Due to browser specific quotas you would want to check for exceptions so you would change line 1 above to the following.

try {
  localStorage.setItem("name", "Hello World!"); //saves to the database, "key", "value"
} catch (e) {
  if (e == QUOTA_EXCEEDED_ERR) {
    alert('Quota exceeded!'); //data wasn't successfully saved due to quota exceed so throw an error
  }
}

Is QUOTA_EXCEEDED_ERR some kind of global constant?

Chrome Developer tools says: ReferenceError: QUOTA_EXCEEDED_ERR is not defined.

Google suggests it might actually be DOMException.QUOTA_EXCEEDED_ERR, and Chrome agrees - DOMException.QUOTA_EXCEEDED_ERR is 22.

Is there a certain attribute of the exception that we should be matching to error code 22?

Let’s take a look. To generate the QUOTA_EXCEEDED_ERR exception we’ll attempt to store a 12MB string, which should exceed the quota. Open your developer tools console and enter:

var exception;
var repeat = function(str, x) { return new Array(x+1).join(str); };
var too_big = repeat("x", 12*1024*1024/2); // each JS character is 2 bytes
localStorage.clear();
try {
  localStorage.setItem("test", too_big);
} catch (e) {
  exception = e;
}

Then inspect exception.

Trying that in a few browsers, we observe:

Chrome

Exception in Chrome

Firefox

Exception in Firefox

Safari

Exception in Safari

There is no single attribute that we can depend on across browsers to detect that the error is in fact a QUOTA_EXCEEDED_ERR.

We could check exception instanceof DOMException, but to test such code we would need to be able to produce a mock DOMException instance. A SitePoint reference notes:

In practise, what we find is that most browsers implement DOM exceptions as part of their native mechanism…

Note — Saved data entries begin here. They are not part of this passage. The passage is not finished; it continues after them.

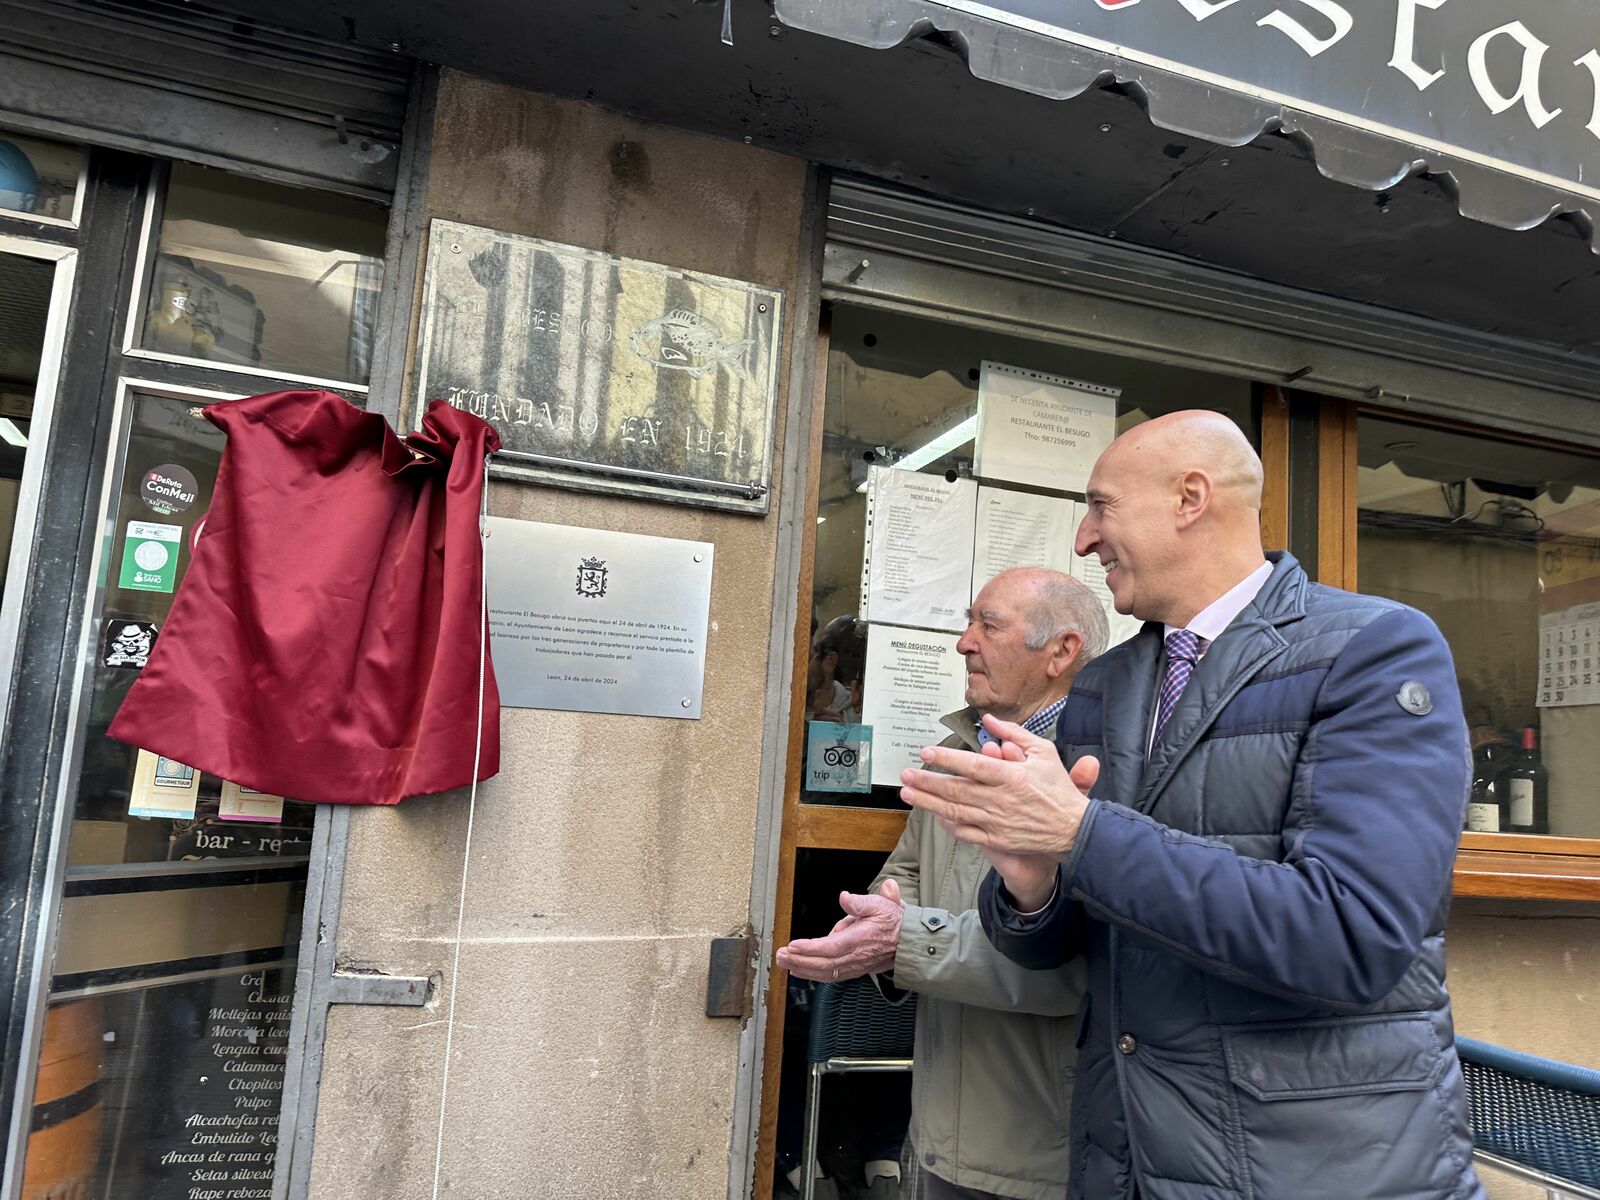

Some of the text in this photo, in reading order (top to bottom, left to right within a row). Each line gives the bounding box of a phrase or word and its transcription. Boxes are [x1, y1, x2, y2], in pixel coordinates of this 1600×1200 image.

[1010, 417, 1091, 438] RESTAURANTE EL BESUGO
[489, 608, 522, 616] restaurante
[530, 612, 551, 620] Besugo
[513, 622, 553, 631] Ayuntamiento
[576, 628, 602, 636] agradece
[659, 635, 682, 643] prestado
[535, 647, 570, 655] trabajadores
[552, 637, 590, 645] generaciones
[598, 641, 631, 650] propietarios
[665, 646, 687, 654] plantilla
[890, 640, 947, 653] MENÚ DEGUSTACIÓN
[195, 830, 235, 850] bar
[208, 1007, 262, 1023] Mollejas
[211, 1043, 259, 1058] Lengua
[228, 1077, 282, 1093] Chopitos
[234, 1095, 272, 1111] Pulpo
[184, 1113, 259, 1129] Alcachofas
[191, 1131, 255, 1145] Embutido
[161, 1150, 205, 1165] Ancas
[208, 1150, 226, 1162] de
[227, 1152, 262, 1162] rana
[187, 1186, 224, 1200] Rape
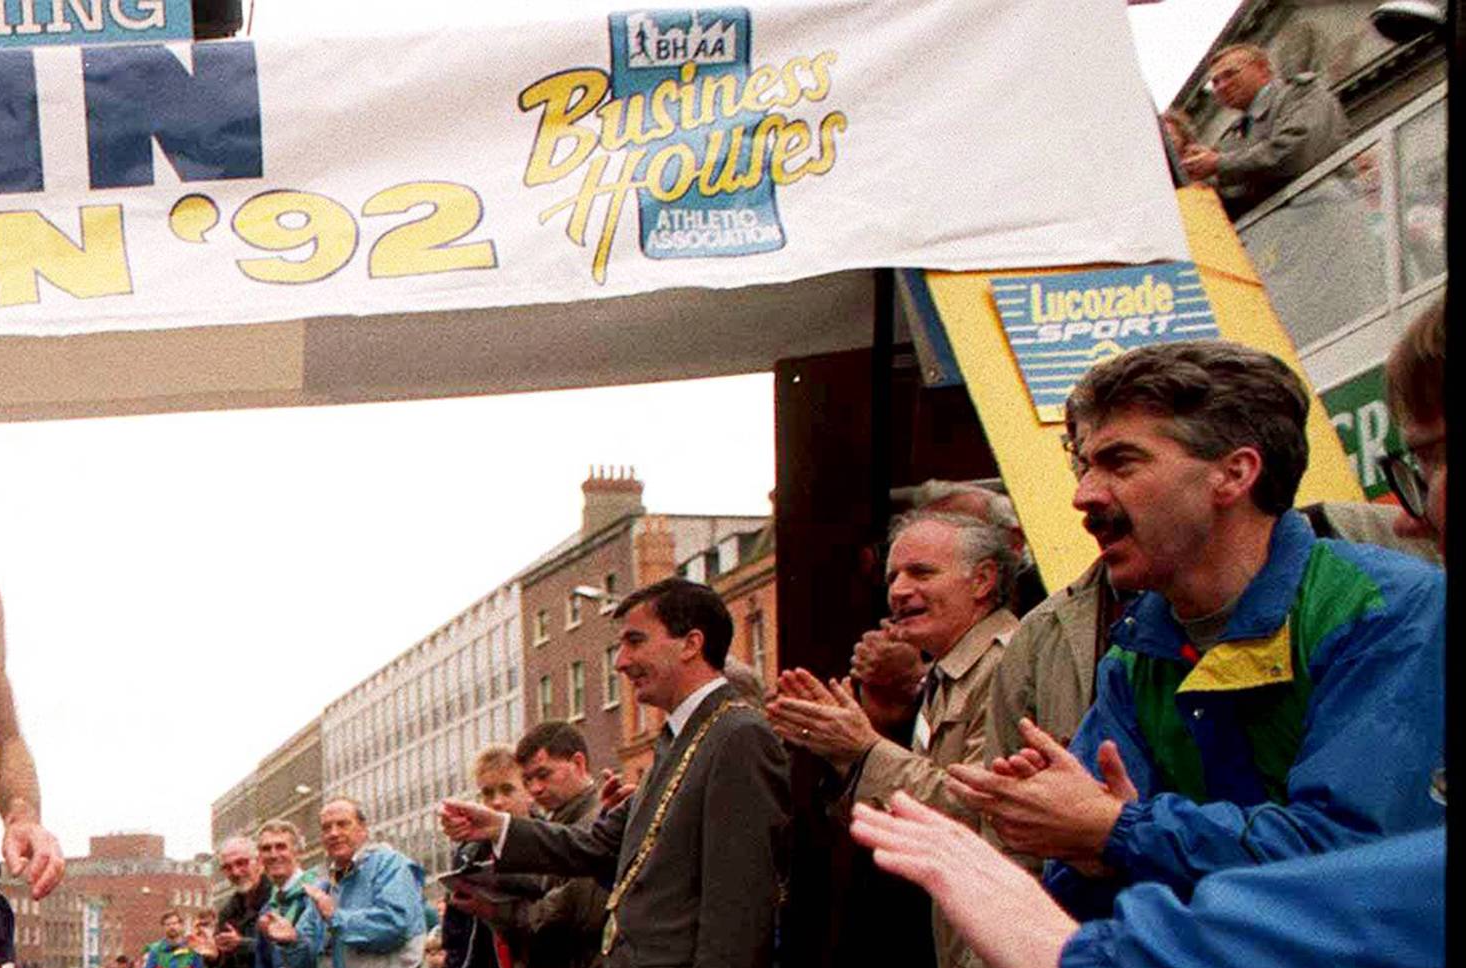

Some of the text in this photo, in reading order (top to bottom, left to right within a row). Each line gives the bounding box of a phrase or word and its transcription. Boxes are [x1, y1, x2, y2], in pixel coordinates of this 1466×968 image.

[518, 52, 838, 187] Business
[538, 110, 848, 285] Houses
[656, 208, 759, 231] ATHLETIC
[168, 181, 498, 284] '92
[646, 224, 782, 250] ASSOCIATION
[1030, 274, 1175, 324] Lucozade
[1034, 313, 1176, 343] SPORT
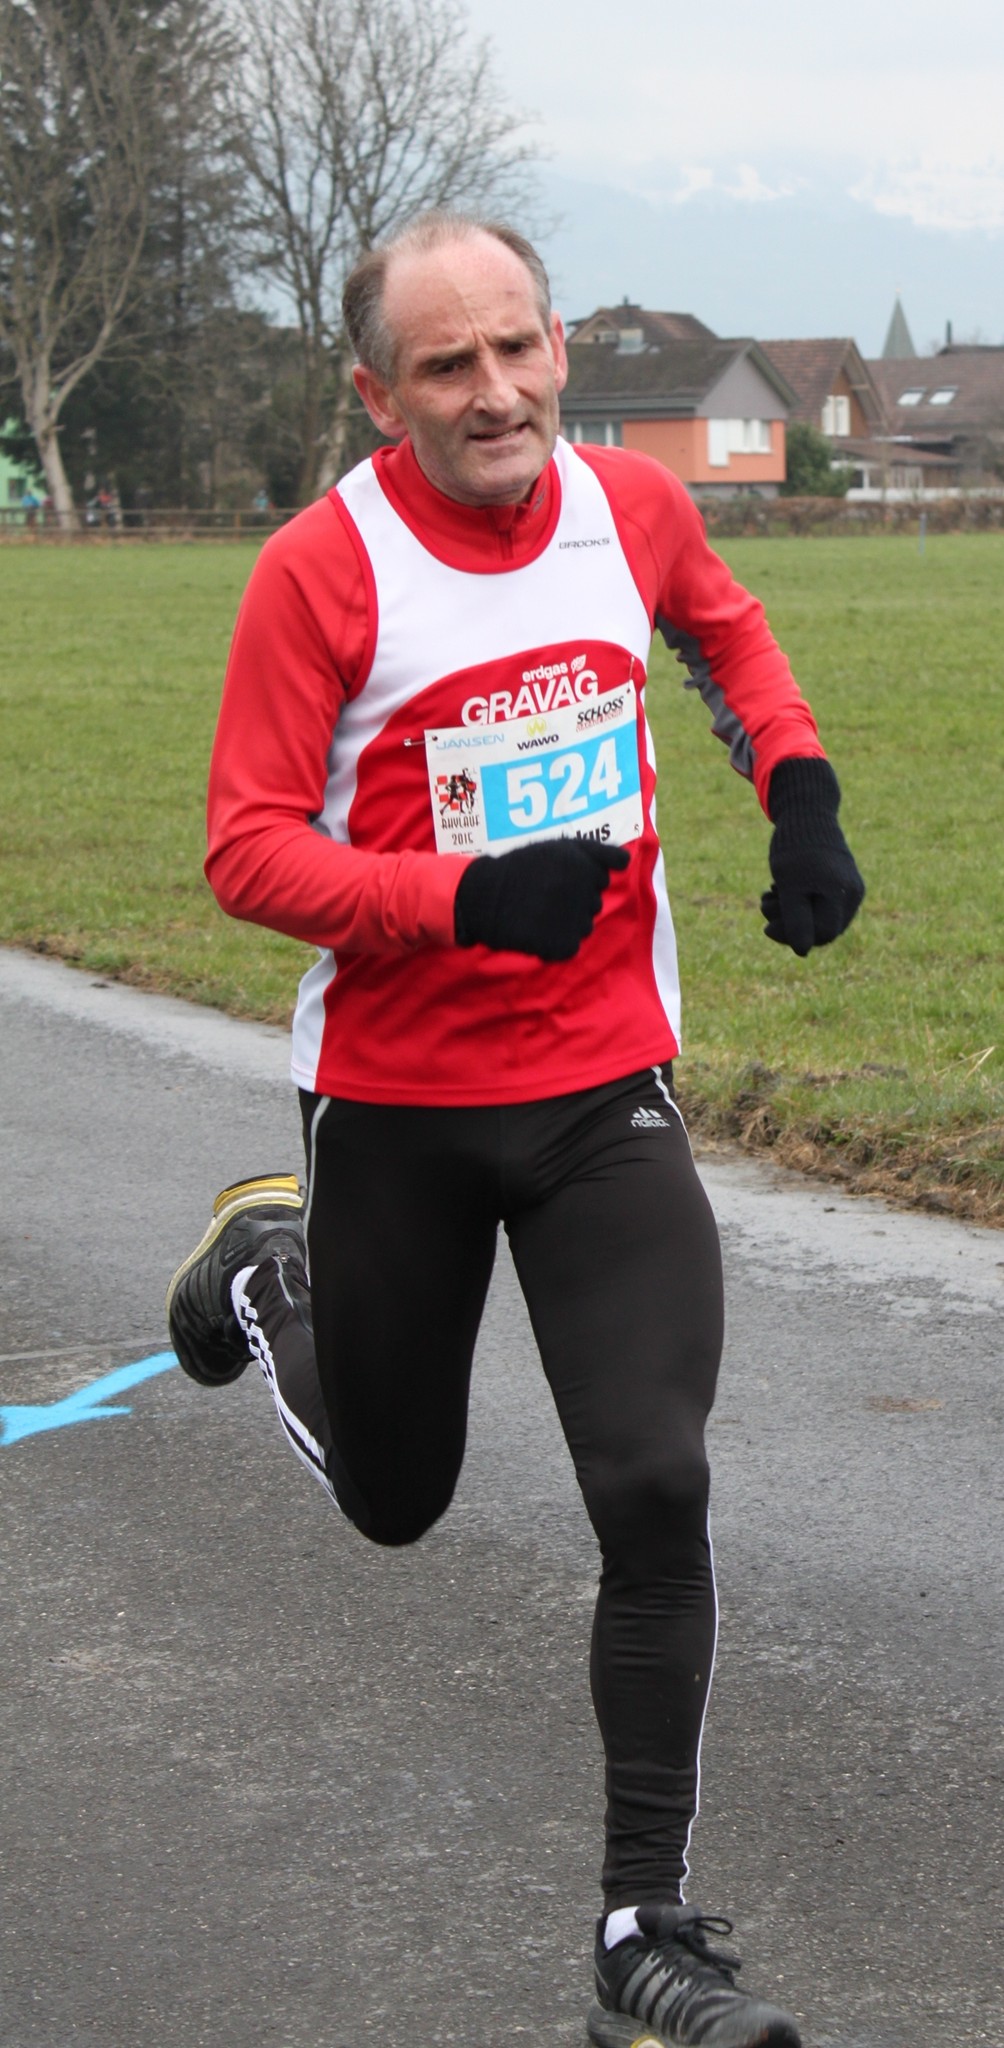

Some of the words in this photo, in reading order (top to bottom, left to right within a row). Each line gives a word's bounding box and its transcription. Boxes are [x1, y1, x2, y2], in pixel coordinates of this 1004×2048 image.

[558, 537, 610, 550] BROOKS
[522, 661, 568, 683] erdgas
[461, 669, 598, 727] GRAVAG
[577, 696, 624, 725] SCHLOSS
[436, 733, 505, 751] JANSEN
[517, 733, 559, 750] WAWO
[506, 737, 622, 828] 524
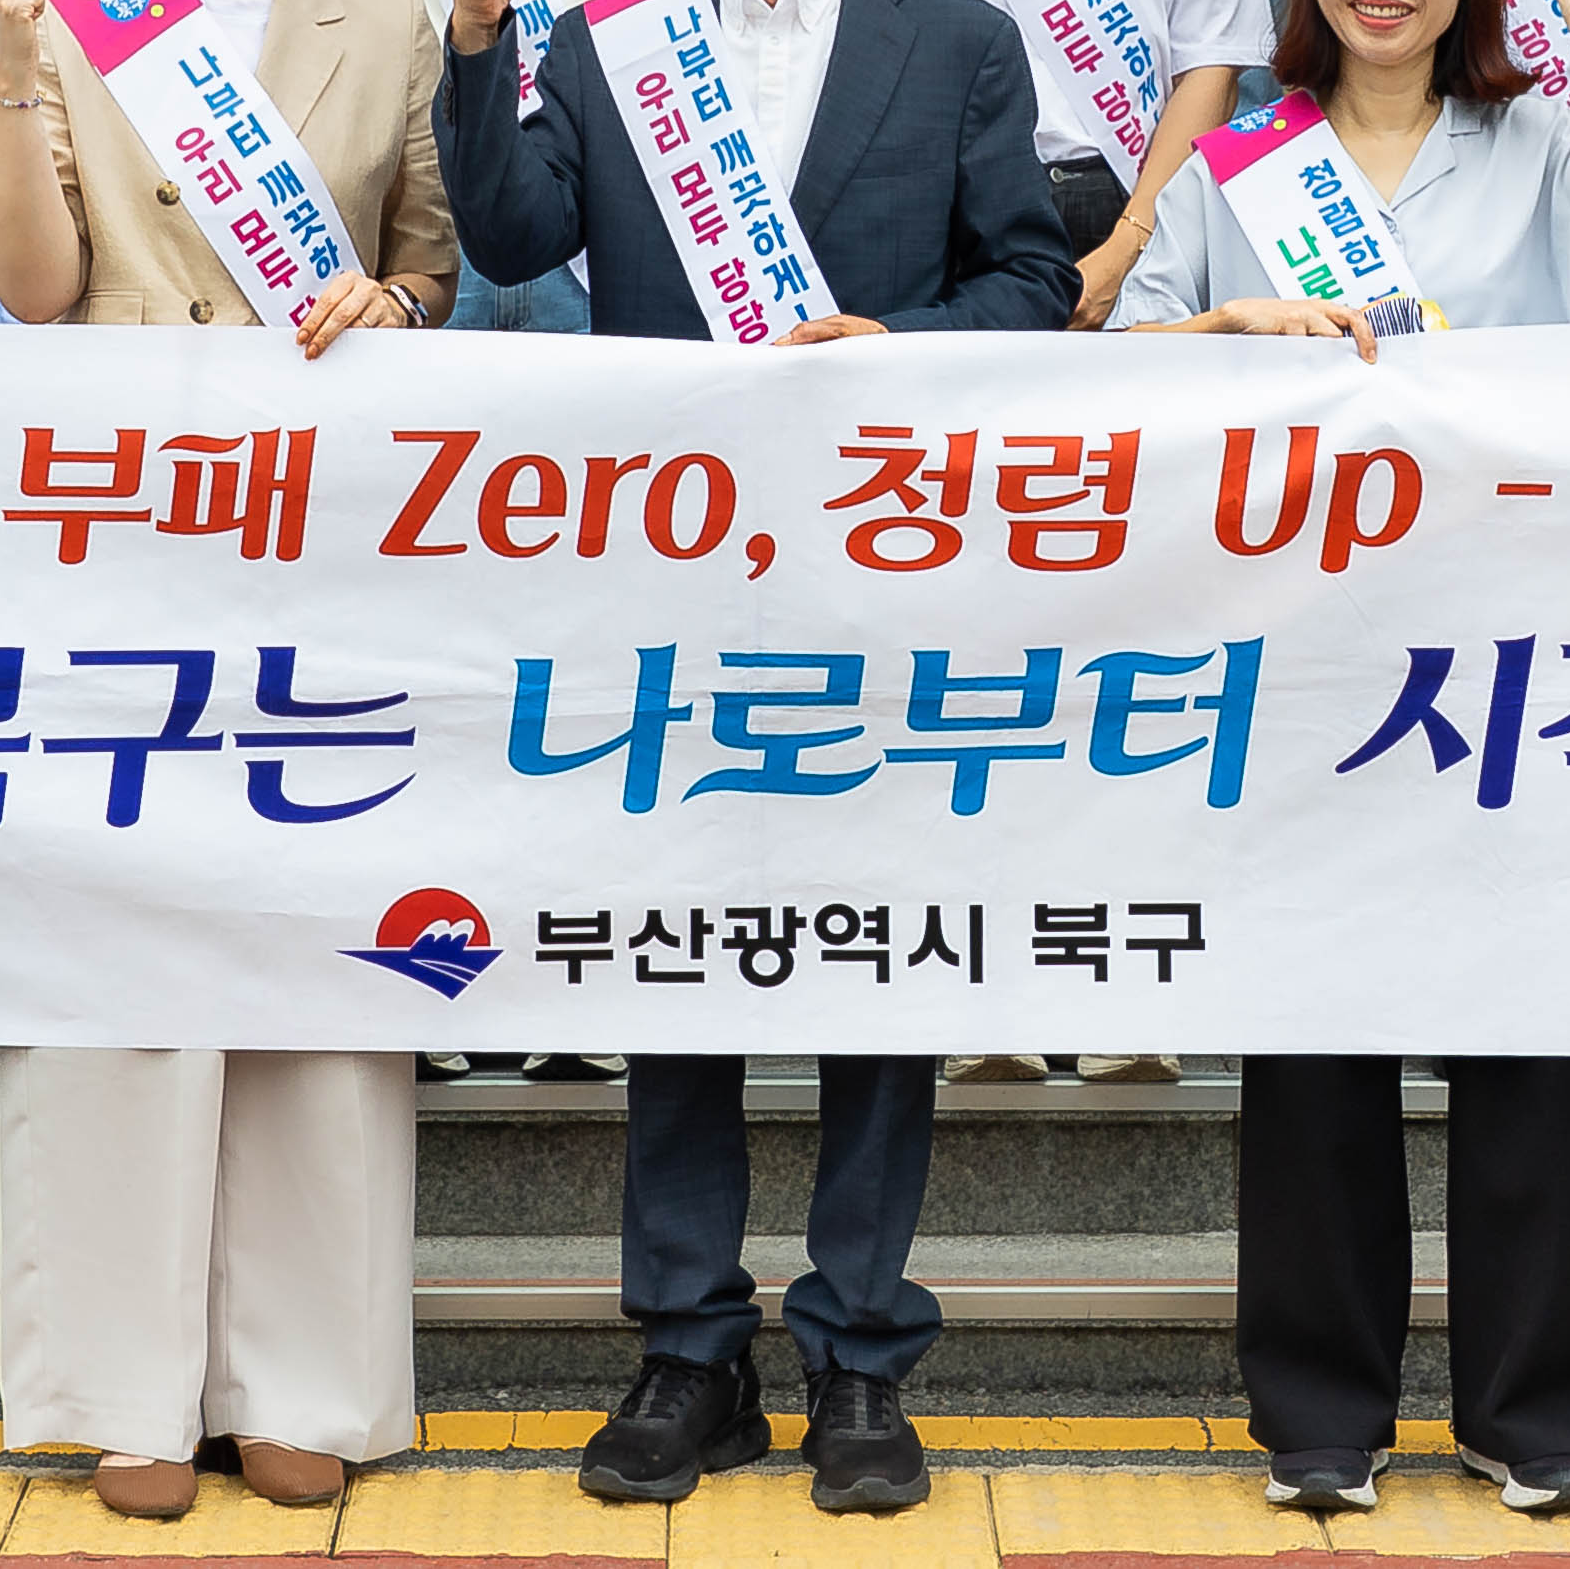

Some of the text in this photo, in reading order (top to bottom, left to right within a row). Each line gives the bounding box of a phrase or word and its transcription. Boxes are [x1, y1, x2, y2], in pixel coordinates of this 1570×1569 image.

[664, 6, 732, 123] 나부터
[1042, 0, 1104, 75] 모두
[175, 126, 300, 291] 우리 모두
[178, 46, 343, 281] 나부터 깨끗하
[635, 72, 691, 155] 우리
[671, 161, 729, 247] 모두
[1298, 158, 1386, 279] 청렴한
[3, 426, 317, 564] 부패
[377, 429, 776, 581] Zero,
[824, 426, 1141, 572] 청렴
[1214, 426, 1423, 573] Up
[508, 636, 1264, 816] 나로부터
[535, 901, 1206, 989] 부산광역시 북구

It’s not possible to produce them cleanly from normal JavaScript.

Conclusion

Although localStorage quota errors are known by names such as QuotaExceededError and QUOTA_EXCEEDED_ERR, the only way to write testable, non-browser specific code is to accept any exception thrown during a storage attempt as a quota error. To differentiate between quota and support/security errors, be sure to detect the availability of localStorage separately.